**EXERCISE OBJECTIVE**: Copy the records below exactly, but leave out any picture they contain.

**INFORMATION PROVIDED**:
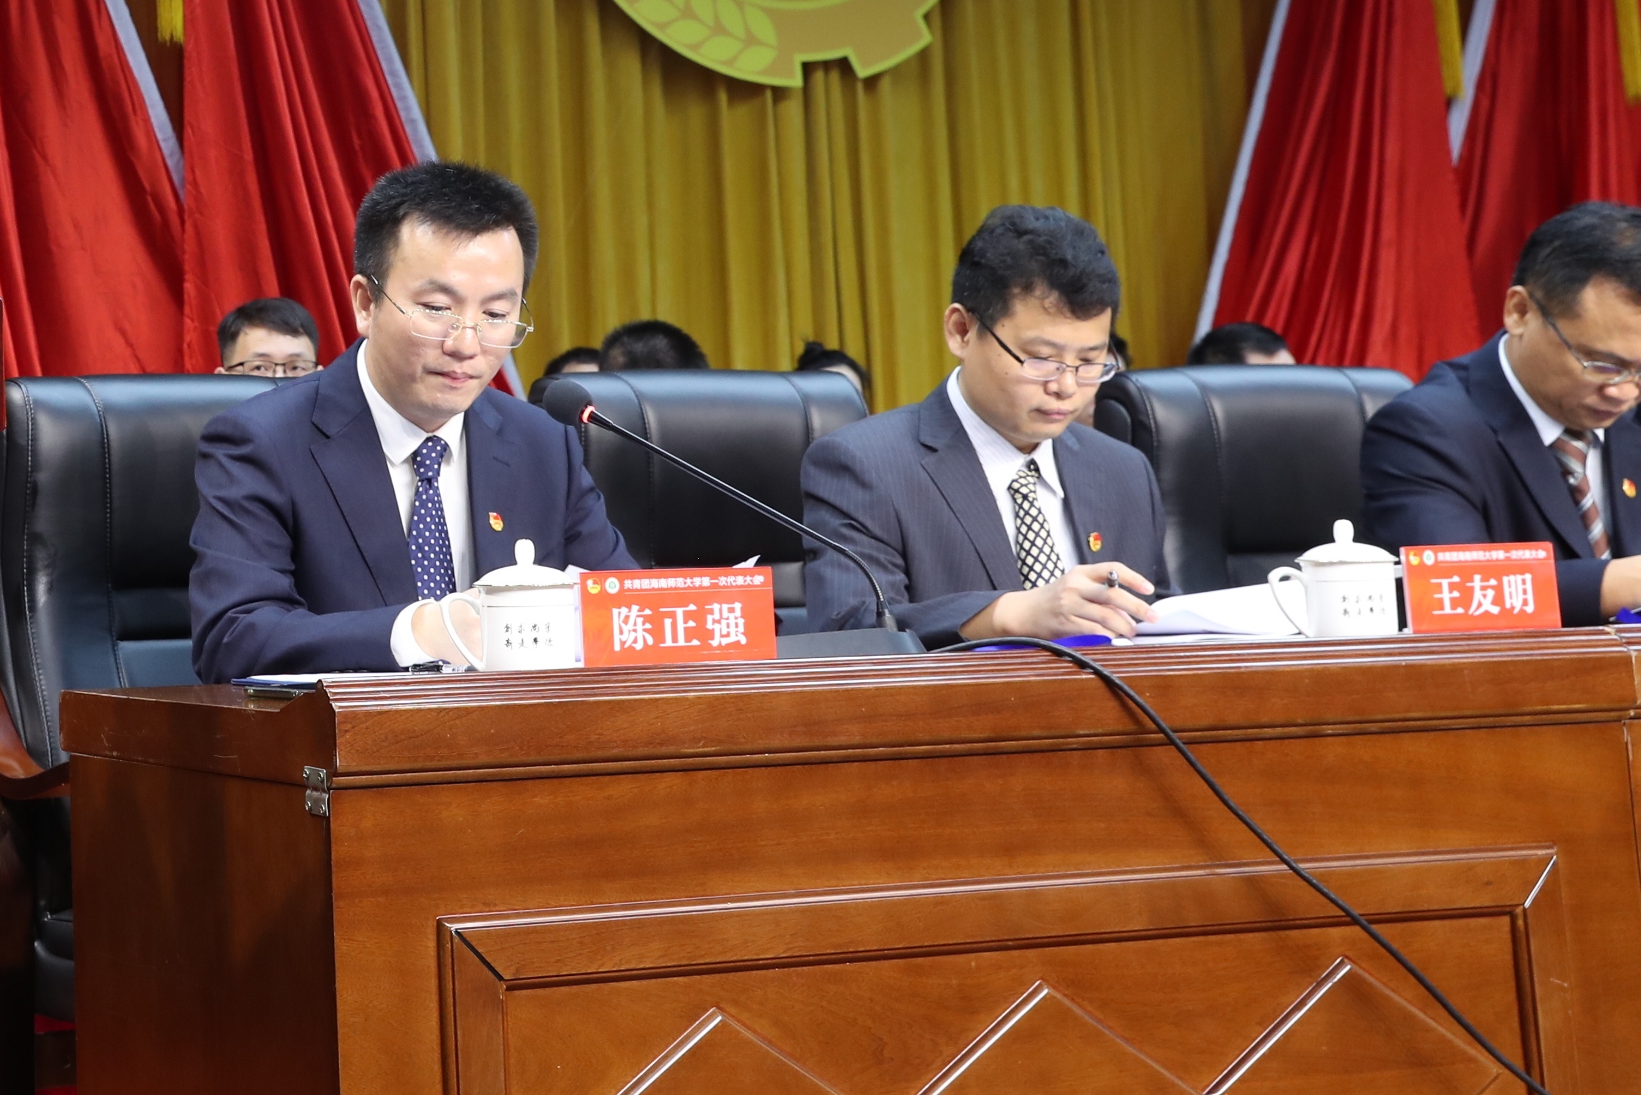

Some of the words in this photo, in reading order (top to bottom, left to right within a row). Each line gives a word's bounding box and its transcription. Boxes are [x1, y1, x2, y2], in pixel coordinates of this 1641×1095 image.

[1429, 572, 1536, 617] 王友明
[611, 601, 748, 652] 陈正强
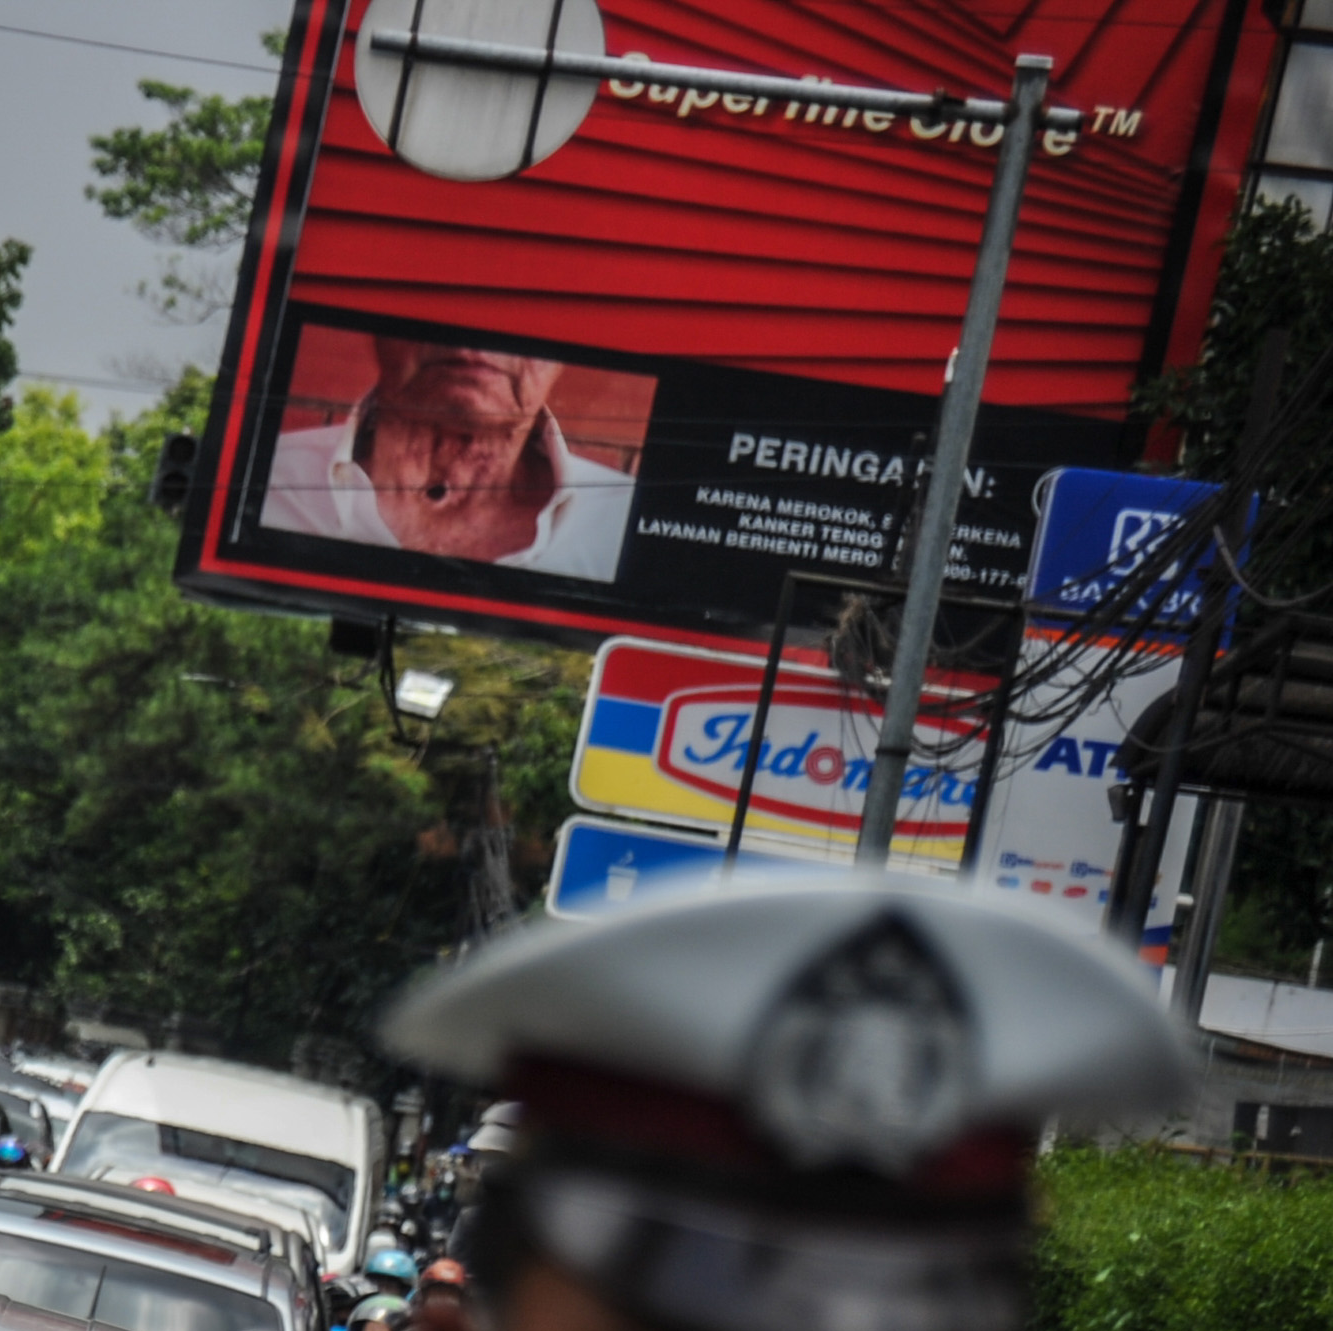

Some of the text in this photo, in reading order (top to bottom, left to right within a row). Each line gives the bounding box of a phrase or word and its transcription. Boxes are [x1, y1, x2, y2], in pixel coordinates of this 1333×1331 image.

[695, 486, 771, 513] KARENA
[776, 498, 877, 531] MEROKOK,
[738, 512, 814, 540] KANKER
[637, 517, 722, 545] LAYANAN
[725, 529, 818, 560] BERHENTI

**RESPONSE AREA**:
Some of the words in this photo, in reading order (top to bottom, left to right within a row). Each line gives a word's bounding box and its transcription. Boxes are [x1, y1, x2, y2], in pixel coordinates of this 1641×1095 image.

[1429, 572, 1536, 617] 王友明
[611, 601, 748, 652] 陈正强

Some of the text in this photo, in reading order (top to bottom, left to right within a row). Each line gives the bounding box of a phrase or word and its transcription. Boxes are [x1, y1, x2, y2], in pixel coordinates of this 1333×1331 image.

[695, 486, 771, 513] KARENA
[776, 498, 877, 531] MEROKOK,
[738, 512, 814, 540] KANKER
[637, 517, 722, 545] LAYANAN
[725, 529, 818, 560] BERHENTI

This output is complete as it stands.